═════ Supplied information ═════

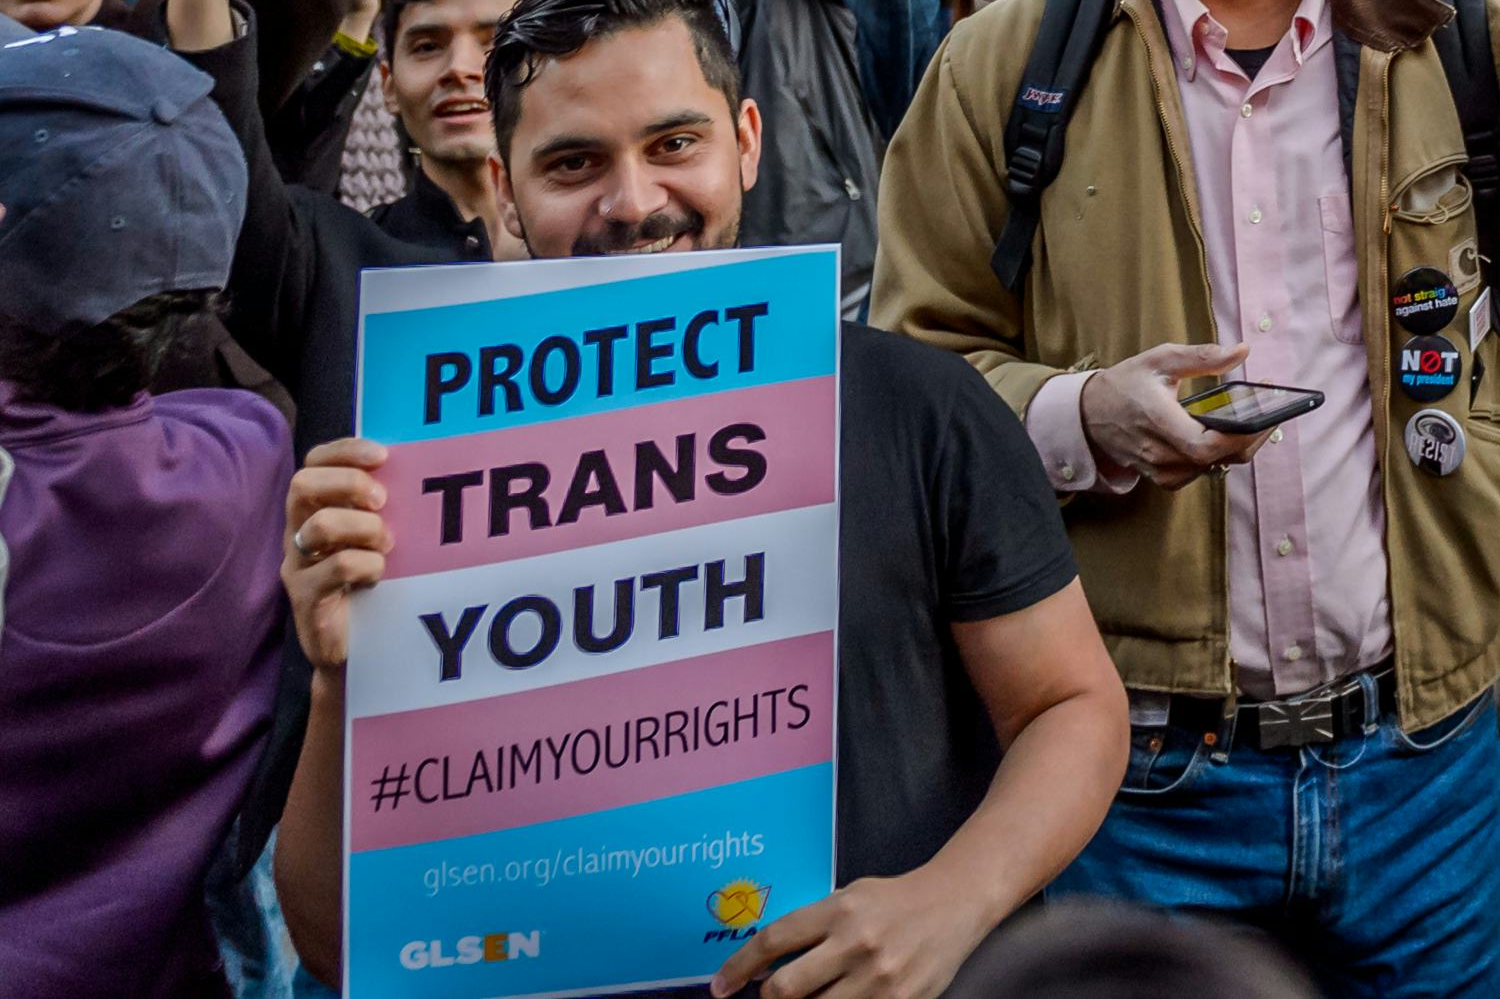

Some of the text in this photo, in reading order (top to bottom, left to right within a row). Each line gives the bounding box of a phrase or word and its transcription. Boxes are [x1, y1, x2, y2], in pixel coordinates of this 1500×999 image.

[1393, 293, 1412, 305] not
[1395, 296, 1458, 317] against hate
[423, 302, 769, 426] PROTECT
[1401, 349, 1458, 373] NOT
[421, 422, 768, 547] TRANS
[417, 551, 765, 683] YOUTH
[370, 684, 811, 812] #CLAIMYOURRIGHTS
[423, 830, 765, 897] glsen.org/claimyourrights
[399, 929, 541, 970] GLSEN
[703, 926, 758, 944] PFLA

═════

● What this task involves
Reproduce the entries above exactly, without images.

● Solution to this exercise
Some of the text in this photo, in reading order (top to bottom, left to right within a row). Each line gives the bounding box of a phrase or word and its transcription. Boxes are [x1, y1, x2, y2], in pixel coordinates of this 1500×999 image.

[1393, 293, 1412, 305] not
[1395, 296, 1458, 317] against hate
[423, 302, 769, 426] PROTECT
[1401, 349, 1458, 373] NOT
[421, 422, 768, 547] TRANS
[417, 551, 765, 683] YOUTH
[370, 684, 811, 812] #CLAIMYOURRIGHTS
[423, 830, 765, 897] glsen.org/claimyourrights
[399, 929, 541, 970] GLSEN
[703, 926, 758, 944] PFLA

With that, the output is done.